Siyah çaydaki polifenol adlı bileşiklerin, iyi bakterilerin çoğalmasını ve zararlı olanların azalmasını sağlayarak bağırsağın sağlıklı kalmasına katkı sunduğu tahmin ediliyor.

Ayrıca pek çok araştırma yeşil çayın kilo vermeye yardımcı olduğuna işaret ediyor.

Bununla beraber, 2017'de siyah çayın da bağırsaklara iyi gelerek zayıflamaya katkı sağladığı bulunmuştu.

Hidrasyona katkı sağlıyor

Vücutta yeterli su bulunmasını ifade eden hidrasyon, kalbin düzgün çalışmasından sindirime kadar pek çok sürecin işlemesinde kritik önem taşıyor.

Uzmanlar bunun için genellikle su içilmesini tavsiye ediyor fakat çay gibi içeceklerin de yardımcı olacağını belirtiyorlar.

Diyetisyen Caroline Thomason "Çaydaki kafein ve diğer bileşikler idrar söktürücü işlevi görebilir, yani idrara çıkmamıza neden olabilir" diyerek ekliyor:

Fakat bunların dehidrasyona yol açan içecekler olmadığını unutmayın.

Newcastle Üniversitesi'nden Emma Beckett da "Hidrasyon sadece vücudunuzda ne kaldığıyla ilgili değil" diye açıklıyor: 

Hidrasyon vücudunuzda hareket eden suyla ilgili ve vücudunuzda gezinirken toksinleri atma ve tuzları dengeleme fırsatı veriyor.

Uzmanlar bu nedenle günlük su ihtiyacının tamamen su içerek karşılanmak zorunda olmadığını ifade ediyor.

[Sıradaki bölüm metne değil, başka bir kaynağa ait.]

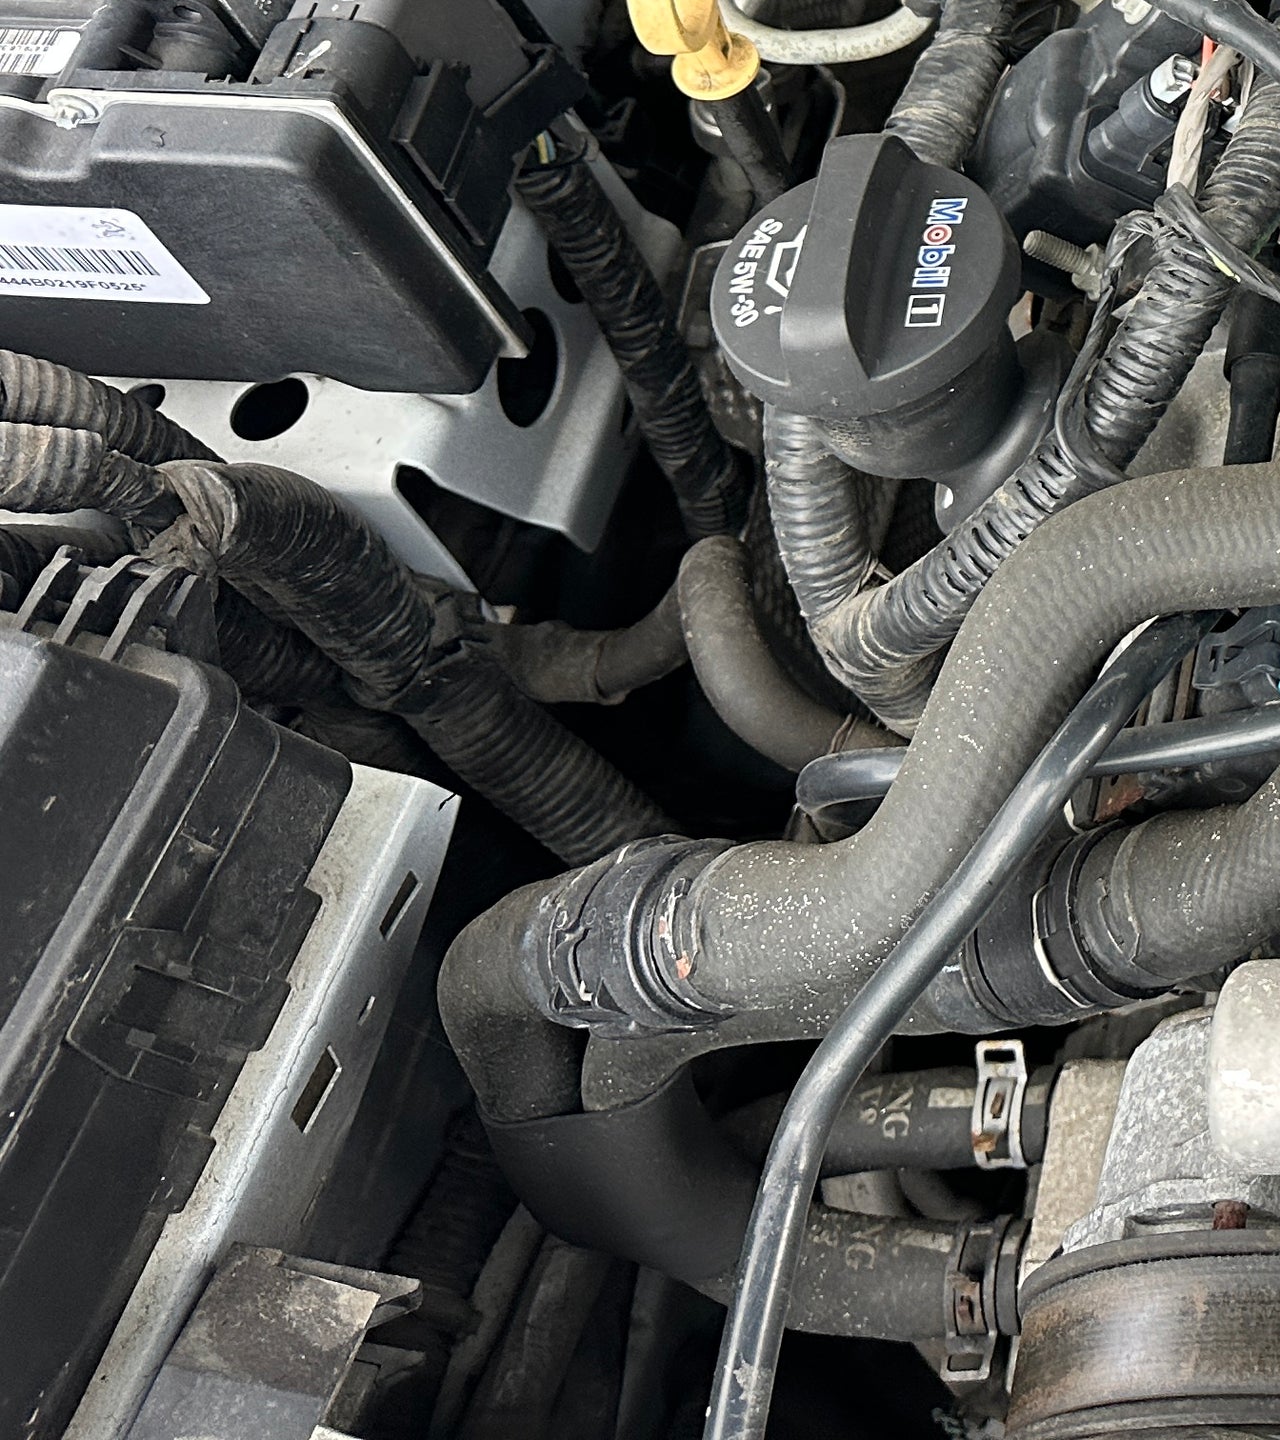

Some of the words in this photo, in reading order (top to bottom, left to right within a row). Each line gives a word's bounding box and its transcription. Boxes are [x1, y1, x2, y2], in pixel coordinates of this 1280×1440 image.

[736, 217, 784, 261] SAE
[911, 197, 969, 289] Mobil
[729, 259, 760, 328] 5W-30
[882, 1076, 914, 1140] NG

Çayın yanı sıra sebze-meyvelerden gelen su da hidrasyona fayda sağlıyor.

Odaklanmayı artırıyor ve stresi azaltıyor

Diyetisyen Jennie Norton, siyah ve yeşil çaydaki L-theanine adlı amino asit ve kafeinin, dikkati toplamaya yardım ettiğini söylüyor. 

Kahveden farklı olarak çaydaki kafein, daha yavaş emildiği için daha uzun süre enerji sağlıyor.

Bilim insanları L-theanine'in odaklanmayı artırdığını, rahatlamayı sağladığını, hafızayı geliştirdiğini ve stresi azalttığını da belirtiyor.

Çalışmalar ayrıca çeşitli çayların sadece kimyasal bileşenleriyle değil aromasıyla da insanları rahatlattığını gösteriyor. Çay içerken yaşanan duyusal deneyimlerin, stres hormunu kortizol seviyelerini düşürme ve kaygıyı azaltma gibi etkiler yaratabileceği öne sürülüyor.

2018 tarihli bir çalışmada, siyah çay aromasını solumanın bilişsel görevler sırasında stresi azalttığı görülmüştü. 

Papatya çayı özellikle rahatlama için etkiliyken, nane çayının ferahlatıcı kokusu dikkati artırabiliyor.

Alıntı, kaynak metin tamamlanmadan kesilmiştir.